Their passing—prompting repeats on the radio and images on screen—can also stir up unfinished business hidden in the depths of our psyches. That can reignite a residue of unmourned emotion left from a different category of deaths: those who were very close to us, perhaps a parent, a partner, a child.
Sigmund Freud was onto this dynamic. He detected a risk when we lose someone with whom we are intimately bound. The risk is that with those deaths, we lose too much. We can't comprehend what's gone. The gap is overwhelming and consumes us in a miasma of grief from which it feels there's no escape.
The philosopher, Michel de Montaigne, caught the horror of this experience when he wrote of the early death of his closest friend and soulmate. "We were halves throughout. By outliving him, I defraud him of his part. I am no more than half of myself. There is no action or imagination of mine wherein I do not miss him."
Freud described this experience as a shift from mourning to melancholia—or depression, as it would be labeled now. It's as if we enter a state of mind in which everything is blackened by emptiness, absence, departure. We can't mourn the loved one because that person was, in a way, the whole of life to us. The residue of that ache may linger for years.

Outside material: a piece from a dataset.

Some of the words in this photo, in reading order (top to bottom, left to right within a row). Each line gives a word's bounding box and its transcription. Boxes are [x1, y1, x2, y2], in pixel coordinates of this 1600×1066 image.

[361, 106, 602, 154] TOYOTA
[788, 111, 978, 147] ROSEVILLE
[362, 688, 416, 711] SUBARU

Then, someone famous dies. Suddenly, mourning becomes possible. The icon meant a lot but, unlike a parent or partner or child, was not half of us. And so it's a loss that can be felt. It precipitates an outpouring of grief—the death of Diana comes to mind —that is as much an unblocking of the deeper melancholia as it is sadness at the departure of the celebrity. The tears are real. But they are about more than the shock of the immediate news.

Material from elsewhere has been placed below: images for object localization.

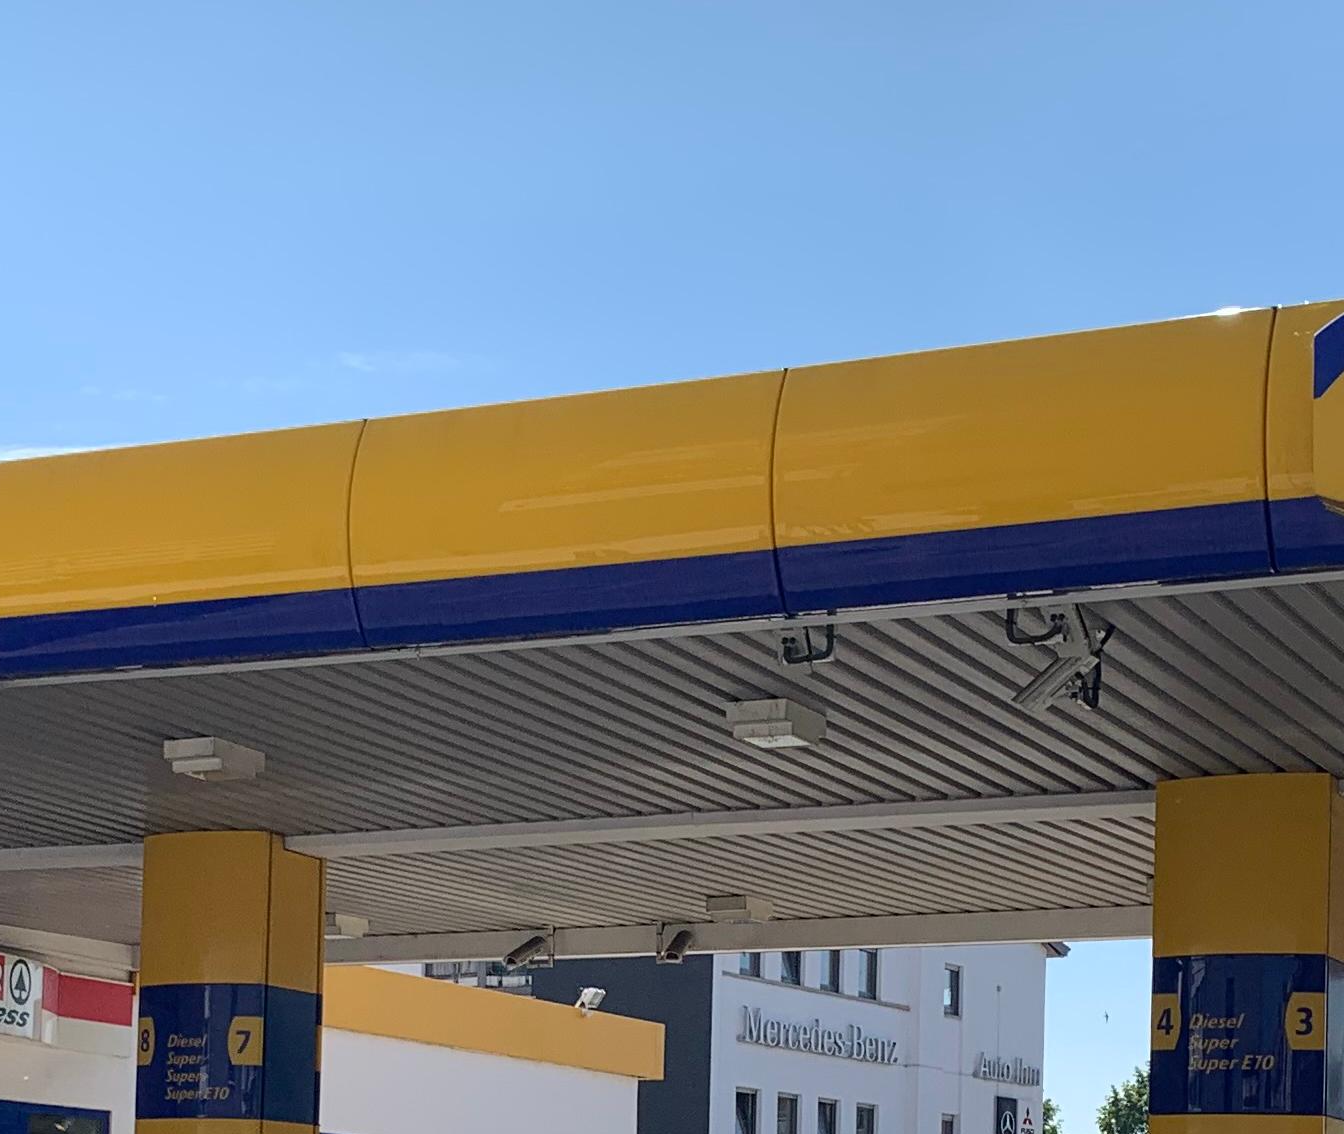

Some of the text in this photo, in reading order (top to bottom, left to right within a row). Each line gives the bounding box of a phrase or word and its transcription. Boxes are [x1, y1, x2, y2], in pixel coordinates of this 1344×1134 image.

[1157, 1008, 1174, 1036] 4
[1189, 1013, 1245, 1029] Diesel
[1295, 1007, 1313, 1036] 3
[140, 1029, 150, 1052] 8
[167, 1033, 207, 1048] Diesel
[236, 1030, 251, 1054] 7
[742, 1005, 898, 1064] Mercedes-Benz
[1188, 1035, 1239, 1055] Super
[167, 1051, 202, 1069] Super
[979, 1055, 1012, 1081] Auto
[1188, 1054, 1275, 1074] Super E10

What this suggests to me is that there is a kind of art to mourning, though one we are hindered with today. We're not very well served by our culture because it tends to keep the genuine tragedy of death at bay.
You see it in the trend to hold celebrations for a life rather than funerals. The urge to do so is understandable: there is a time to give thanks. But there is also a time to mourn, and that might be denied.

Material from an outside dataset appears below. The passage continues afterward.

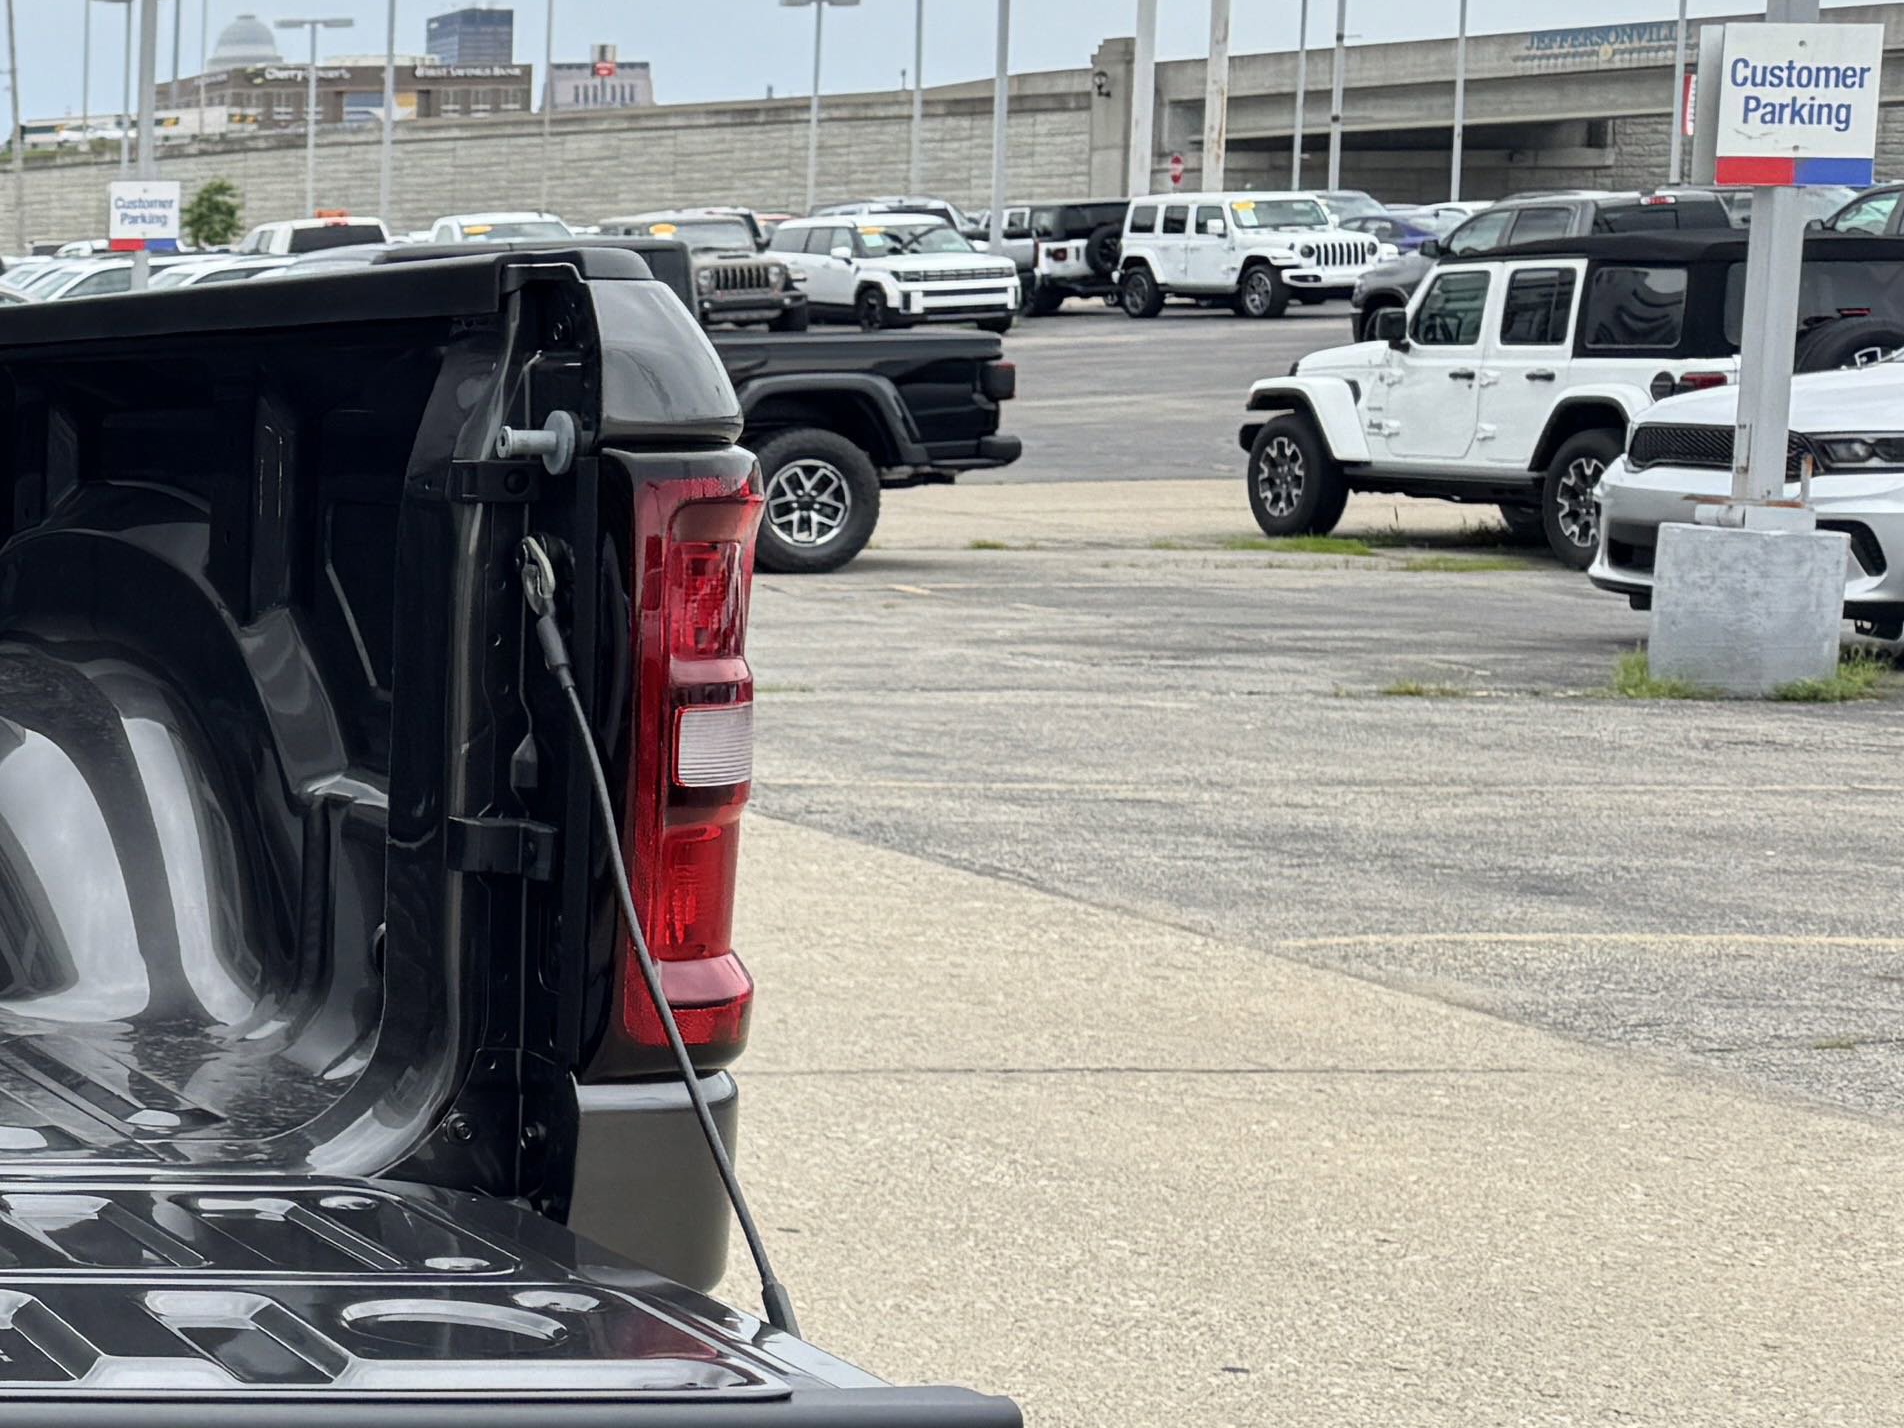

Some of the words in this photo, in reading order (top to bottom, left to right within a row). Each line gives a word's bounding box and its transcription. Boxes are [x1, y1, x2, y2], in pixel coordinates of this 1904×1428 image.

[1730, 57, 1871, 88] Customer
[1742, 95, 1852, 132] Parking
[114, 197, 173, 210] Customer
[120, 213, 168, 227] Parking

Or death becomes hidden from us because, due to increased longevity, it happens mostly to those who are old—homed and hospitalized out of sight. That's perhaps why this year's celebrity deaths among stars who are relatively young is shocking. We've forgotten that death is found in the midst of life.
Wisdom-based traditions advise practicing mourning. Socrates said that philosophy is learning to die. Buddhists meditate before skeletons. Christians keep Good Friday. And it's good advice. Lesser losses—even the end of the day, the final page of a good book, the browning of the cherry blossom—can be opportunities to practice the fact of demise. They won't be overwhelming as big deaths can be. But we may still recoil from them and reach for a distraction rather than experience the difficult feelings. Maybe it's wiser to linger.
That's perhaps the departed celebrity's final gift to us: a moment to live their deaths and so know some of the feelings around our own. It's nostalgia in a healing sense: an embrace of life in all its tricky fullness.